- [How to complete this task]
The expected result is a word-for-word copy of the entries, minus any pictures.

- [Working data]
******

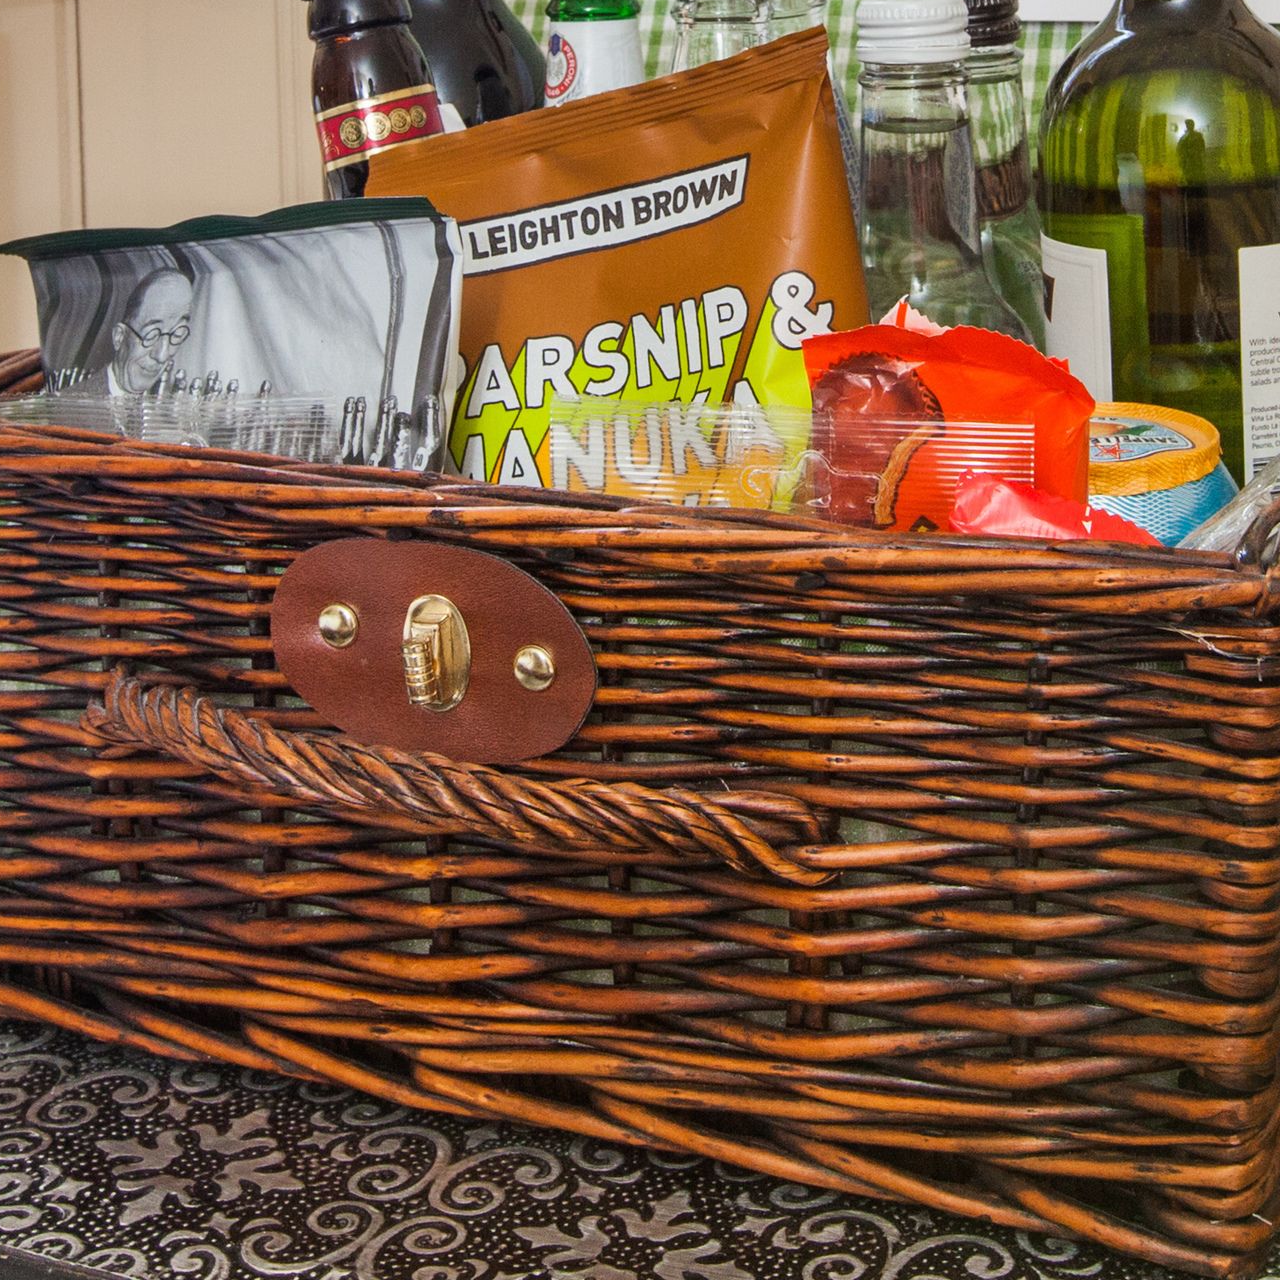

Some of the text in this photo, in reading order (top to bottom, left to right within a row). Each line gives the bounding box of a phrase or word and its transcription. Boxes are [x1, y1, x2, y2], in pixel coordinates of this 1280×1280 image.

[469, 169, 738, 260] LEIGHTON BROWN
[770, 270, 833, 350] &
[1249, 337, 1267, 347] With
[1250, 355, 1275, 367] Central
[1250, 367, 1271, 378] subtle
[1250, 377, 1271, 387] salads
[1250, 404, 1278, 413] Produced
[1251, 424, 1270, 432] Fundo

******

- [Answer to the exercise]
Some of the text in this photo, in reading order (top to bottom, left to right within a row). Each line gives the bounding box of a phrase or word and its transcription. Boxes are [x1, y1, x2, y2], in pixel coordinates of this 1280×1280 image.

[469, 169, 738, 260] LEIGHTON BROWN
[770, 270, 833, 350] &
[1249, 337, 1267, 347] With
[1250, 355, 1275, 367] Central
[1250, 367, 1271, 378] subtle
[1250, 377, 1271, 387] salads
[1250, 404, 1278, 413] Produced
[1251, 424, 1270, 432] Fundo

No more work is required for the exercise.